- The 30-Year Road To Hyper-Partisanship The New York Times's David Herszenhorn pegs "the culmination of more than a generation of partisan polarization of the American political system, and a precipitous decline in collegiality and collaboration in governing" to "a broader political shift that lawmakers cannot easily reverse." He quotes Senate historian Donald A. Ritchie, "In the 1970s, for instance, there was a much wider political spectrum in both parties. You had conservative and liberal wings in both parties." Herszenhorn explains, "For more than 30 years, the major parties — Democrats and Republicans — worked every angle to transform politics into a zero-sum numbers game. State legislatures redrew Congressional districts to take advantage of party affiliation in the local population. The two-year campaign cycle became a never-ending one."
- Passing Big Legislation Isn't Easy The Washington Post's Ezra Klein says this is just how the system works:
Passing legislation, it turns out, is a long and ugly process. God, is it ugly. The compromises, both with powerful special interests and decisive senators. The trimming of ambitions and the budget gimmicks and the worship of Congressional Budget Office scores. By the end, you're passing a compromise of a deal of a negotiation of a concession.

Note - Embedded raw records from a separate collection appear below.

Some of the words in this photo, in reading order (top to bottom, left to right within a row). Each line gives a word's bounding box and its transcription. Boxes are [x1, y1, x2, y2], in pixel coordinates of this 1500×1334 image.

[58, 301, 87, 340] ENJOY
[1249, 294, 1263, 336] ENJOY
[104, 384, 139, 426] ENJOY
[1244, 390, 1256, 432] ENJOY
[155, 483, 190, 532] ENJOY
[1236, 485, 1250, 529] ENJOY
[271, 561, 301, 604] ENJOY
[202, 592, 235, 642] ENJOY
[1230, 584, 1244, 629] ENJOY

Bad a system as it might be, it's the only one we've got, at least for now. This is what victory looks like. The slow, grinding, ineluctable advance of legislation that looks quite a bit like what you began with, albeit not identical. It's not pretty, and it doesn't necessarily feel like winning is supposed to feel. But this bill will do most of the things supporters hoped it would do: cover about 95 percent of all legal residents, regulate insurers, set up competitive exchanges, pretty much end risk selection, institute a universal structure that we can improve and enhance as the years go on, and vastly reduce both medical and financial risk for families.
- Lack of Transparency The Wall Street Journal's John Fund scoffs at the "single-minded pursuit of legislative victory." He writes, "When Democrats took over Congress in 2007, they increasingly did not send bills through the regular conference process." Fund says they instead rely on rushed, "back-room" negotiations. "Look for the traditional conference committee to be replaced by a 'ping-pong' game in which health care is finalized behind closed doors with little public scrutiny before the bill is rushed to the floor of each chamber for a final vote.

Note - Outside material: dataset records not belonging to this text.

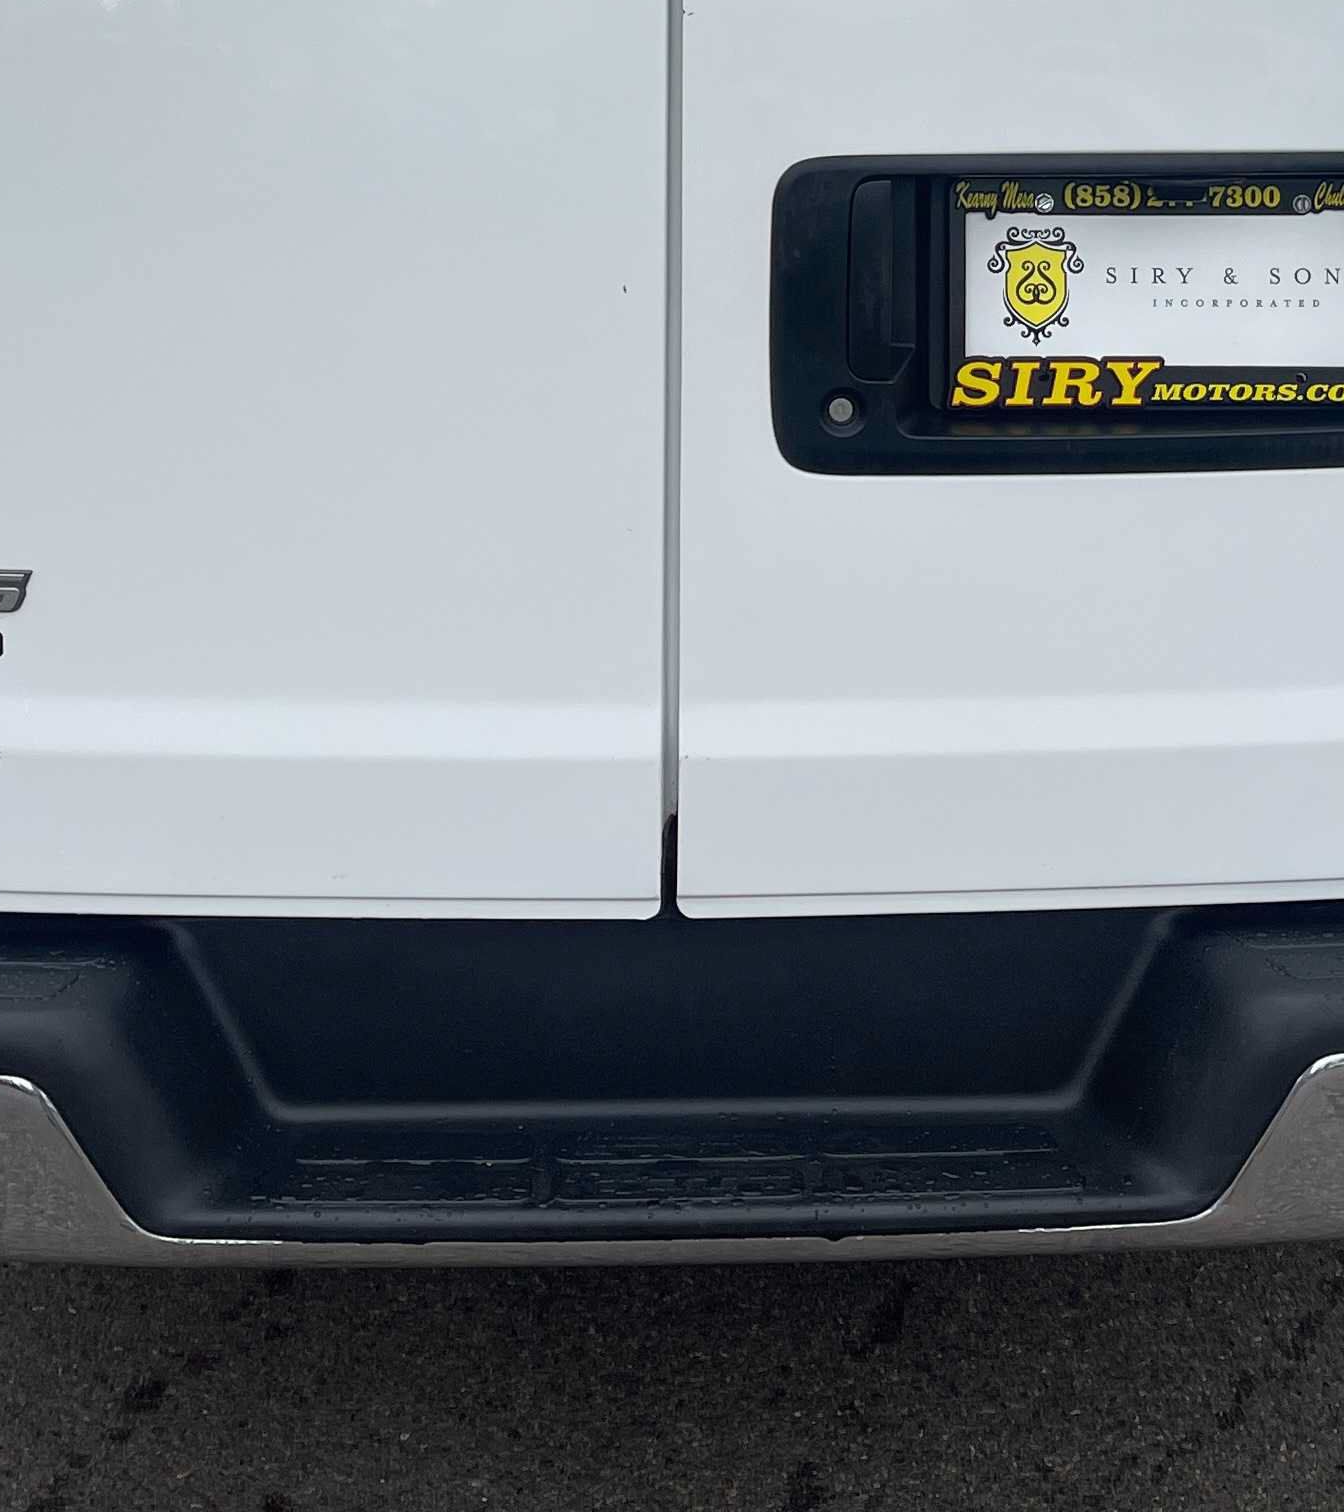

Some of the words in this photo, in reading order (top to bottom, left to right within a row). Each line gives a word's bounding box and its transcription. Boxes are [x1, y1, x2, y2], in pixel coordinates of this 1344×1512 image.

[956, 180, 999, 215] Kearny
[1001, 180, 1035, 210] Mesa
[1064, 182, 1142, 210] (858)
[1105, 266, 1195, 286] SIRY
[1222, 267, 1239, 286] &
[1152, 298, 1322, 309] INCORPORATED

- Too Many Compromises The Washington Post's David Broder asks of supporters of the bill, "How do you applaud while holding your nose?" He sighs, "What should have been a moment of proud accomplishment for the Senate, right up there with the passage of Social Security and the first civil rights bills, was instead a travesty of low-grade political theater -- angry rhetoric and backroom deals." Senator Reid "reduced the negotiations to his own level of transactional morality. Incapable of summoning his colleagues to statesmanship, he made the deals look as crass and parochial as many of them were -- encasing a historic achievement in a wrapping of payoff and patronage."
- Cowardly Opposition The New York Times's Timothy Egan suggests the partisan fury began with President Clinton's 1993 budget measures that spurred "the greatest period of peacetime prosperity in modern times." He writes, "From then on, nobody could 'respectfully disagree.'" Moderates were called wussies, traitors and socialists. When Republicans gained control of everything, the fringe Democratic left took their rhetorical cues from their angry counterparts on the right. This year, things became coarser still with the 'tea party' extremists, who taught Republicans in Congress how to shout 'You lie!' to the president and cast aspersions on something so innocuous as a pep talk to school children."